6 Step Process for Triggers

freedom mindfulmovement praticaltools recovery self love work life May 28, 2022

by Alyson Stoner and Movement Genius

Given how delicate this topic is, it is possible it may be triggering. Below is a somatic exercise you can use along the way to help self-regulate. If something becomes unmanageable during the journal prompts, activities or movement course, stop and seek outside support. 

This six-step process interpolates concepts from Integrative Psychotherapy and trauma expert Peter Levine:

1. Notice 

Start where you are. Take a moment to tune into the inner sensations, emotions and thoughts that are present with this trigger. Notice your breath and heart rate, your attitude, and any other relevant details.

2. Recall Safety

Now, recall a time or place you felt safe and at ease, perhaps when you felt like your authentic self. You can also imagine a person with whom you feel protected and secure. Sense into this experience and allow this to be an available resource for managing the discomfort of the trigger. 

3. Re-Watch The Tape

Next, return to the trigger and consider what happened to activate this stress response. When did it start? Where did you first feel it? As you’re able, recount the moments from feeling calm to feeling triggered. Take your time. What are the images, thoughts or feelings that activated your stress response?

4. Visit Your Safe Place

Bring to mind your safe place again. Allow the comfort and support of this person or place to assuage some of the discomfort. This can help you remain within your window of tolerance and not go past your edges. Perhaps your safe place brings some softness to tense muscles or some depth to your breathing. 
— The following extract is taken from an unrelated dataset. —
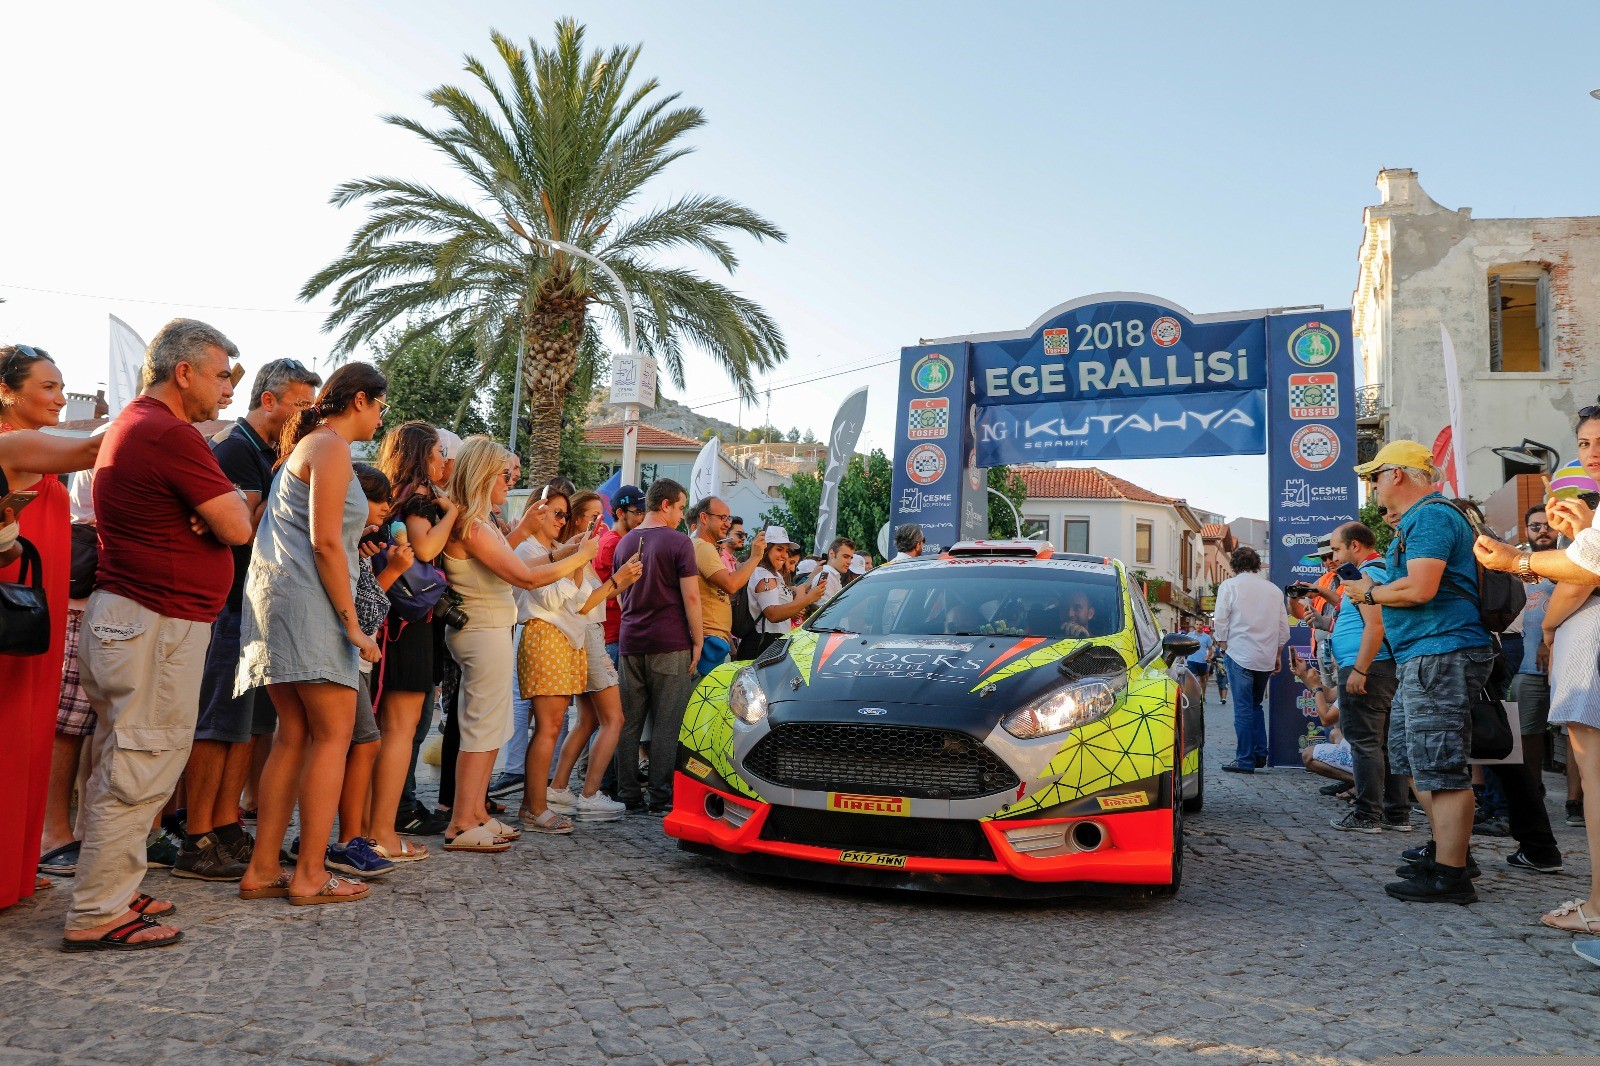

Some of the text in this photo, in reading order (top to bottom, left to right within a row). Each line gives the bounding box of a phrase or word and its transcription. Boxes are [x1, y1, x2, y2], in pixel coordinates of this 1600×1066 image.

5. Offer Safety and Solutions 

From this space of safety and wider awareness, gently examine the trigger again and notice any changes to your inner experience. Now imagine your safe person or place “stepping in” and providing a perspective or solution that allows you to overcome the trigger successfully. This could be an encouraging word to remind you that you’re safe. It could be pointing out a different path of escape. It could be harnessing a superpower. You can get creative. Play out the solution until you reach the point of resolution and equilibrium. If this doesn’t unfold right away or seamlessly, it’s okay. Being present with your experience and having compassion for yourself is a part of processing the trigger. If needed, set aside these steps and simply focus on grounding into a relaxed awareness. 

6. Somatic Touch 

If you’d like to involve physical touch, you can place a hand or body part safely on the areas that are shifting from being triggered to feeling calm. Breathe into the areas and allow tension to begin releasing head-to-toe. Sometimes a gentle wiggle can “shake off” the stress, like an animal does after it’s spooked.

Above all, please know that there is no singular destination with the topic of trust and touch. As you move through the rest of your day, simply begin to notice what kind of contact feels safe and good, including zero contact at all. Certain areas of your body might prefer a little more space and others may enjoy support. Specific beliefs or associations may arise regarding different parts of the body or different motions. If it feels authentic, offer acceptance to each area of your body. If you find this form of connection to be healing and enriching, proceed with love and respect. Conversely, if the most loving thing you can do is skip this section, then set your boundary and congratulate yourself on a beautiful step forward in listening to the wisdom of your body.